Square(Piece& piece)

if the object referenced by piece is mutable or

Square(Piece const& piece)

if the object referenced by piece should be immutable. In your context you most likely also want to deal with the life-time management of your objects which is probably best done using objects allocated on the heap using new and maintained by some smart pointer, e.g., std::shared_ptr`.

Now on to your output functions: the function being called is always statically resolved based on the static type, i.e., the type declared and visible during compilation. Once the correct function is called, if it happens to be declared virtual, it dispatches to a possible overriding function based on the dynamic type of the object, i.e., the virtual dispatch is done at run-time. For the purpose of you output operators this means they get only chosen based on the static type, which in your case is always Piece. The usual way to deal with that is to use a virtual function and dispatch to this function from the actual output operator, e.g.:

class Piece {
protected:
    virtual std::ostream& do_print(std::ostream& out) const  = 0;
public:
    std::ostream& print(std::ostream& out) const { return this->do_print(out); }
};
std::ostream& operator<< (std::ostream& out, Piece const& piece) {
    return piece.print(out);
}

class Man: public Piece {
protected:
    std::ostream& do_print(std::ostream& out) {
        return out << "Man";  // note: you want to use out, not std::cout here
    }
};

With this setup you can call the static output operator Piece using a reference to an object of this type and get the output chosen by the dynamic type, e.g.:

class Square {
    std::shared_ptr<Piece> d_piece;
public:
    Square(std::shared_ptr<Piece> piece): d_piece(piece) {}
    Piece const& get_piece() const { return *this->d_piece; }
};
std::ostream& operator<< (std::ostream& out, Square const& square) {
    return out << square.get_piece();
}

The somewhat quirky forward of print() to do_print() isn't really required but if you have multiple virtual overloads with the same name and you override just one of them, all the other versions in the base class get hidden.
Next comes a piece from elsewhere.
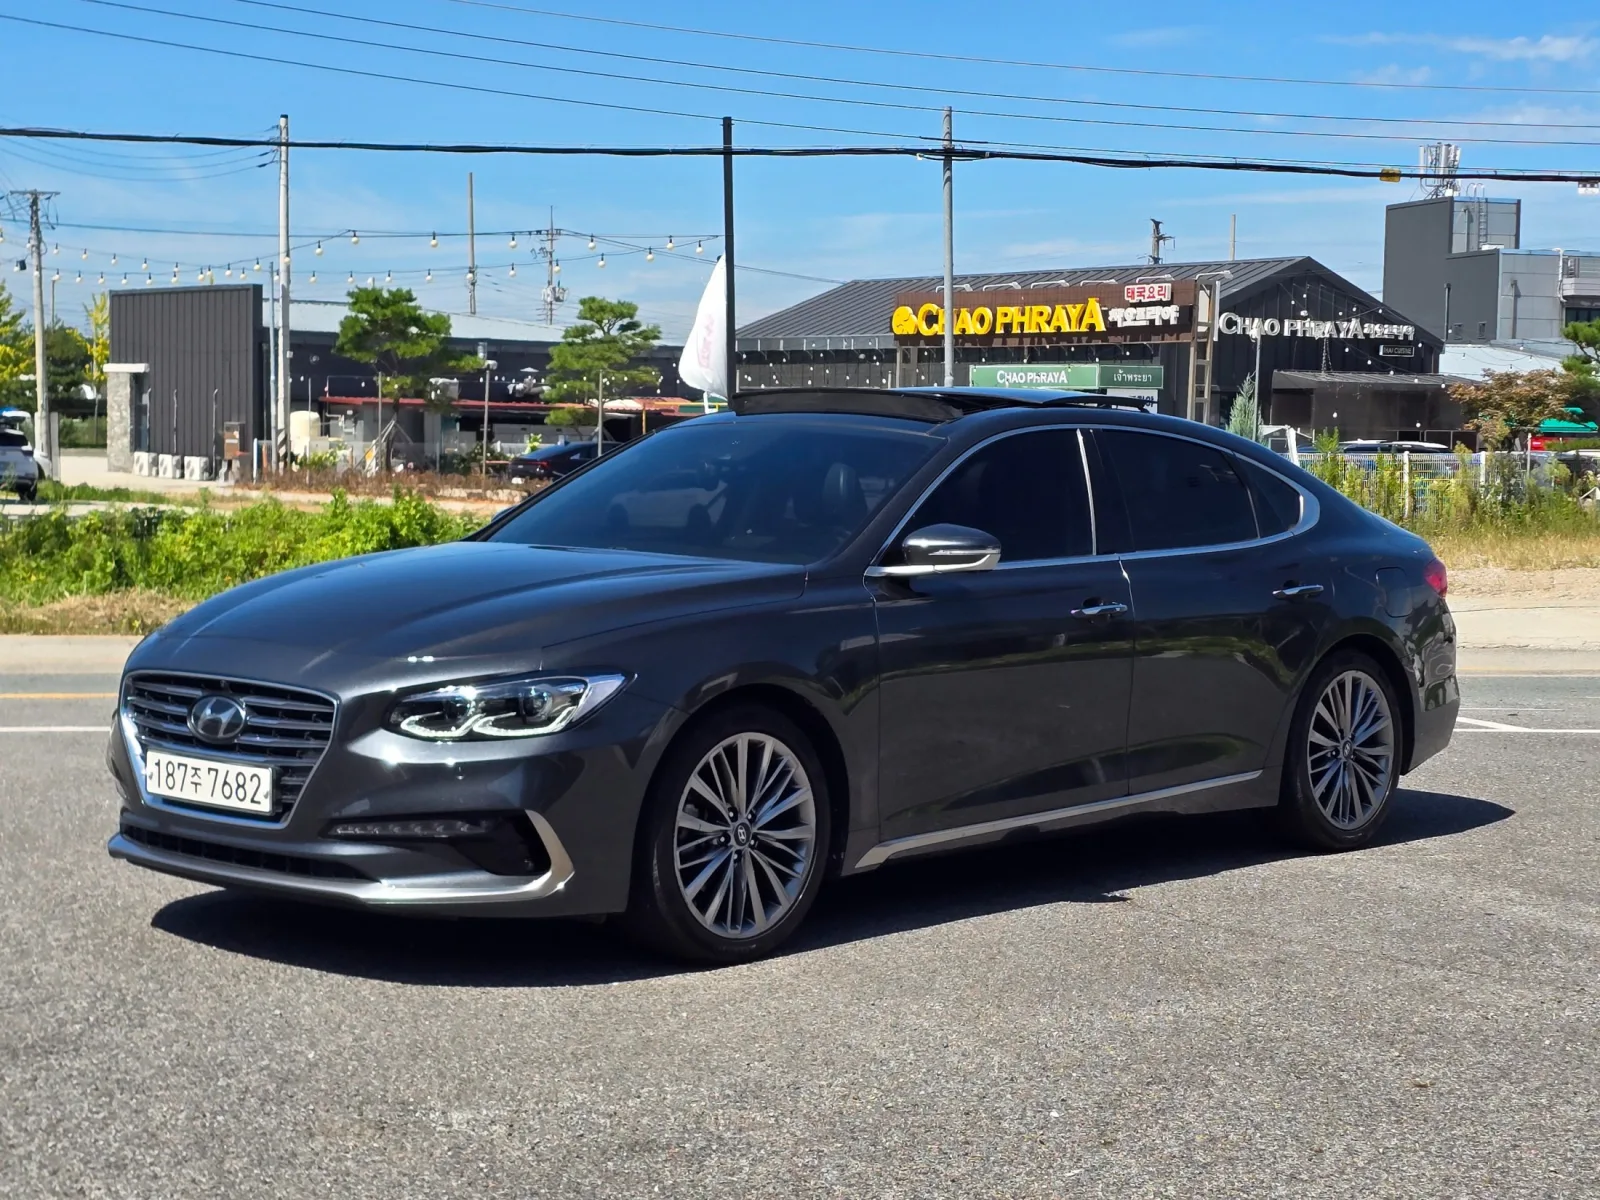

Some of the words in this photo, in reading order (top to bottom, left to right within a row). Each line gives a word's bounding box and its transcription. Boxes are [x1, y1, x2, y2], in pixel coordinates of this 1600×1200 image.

Since print() isn't being overridden and do_print() isn't being called by the user, the problem of hiding overloads is somewhat reduced.

Answer 2

This is all about "static polymorphism", aka method overloading. The particular version of operator<< is chosen by the compiler based on the compile-time type of the variables it sees; since get_piece() returns Piece, that's the version of operator<< that is chosen.

I have to point out that you are wrong about the equivalent Java program: Java method overloading is also arbitrated by the compiler, and is based on compile-time types. A truly equivalent Java program would display Piece, as well.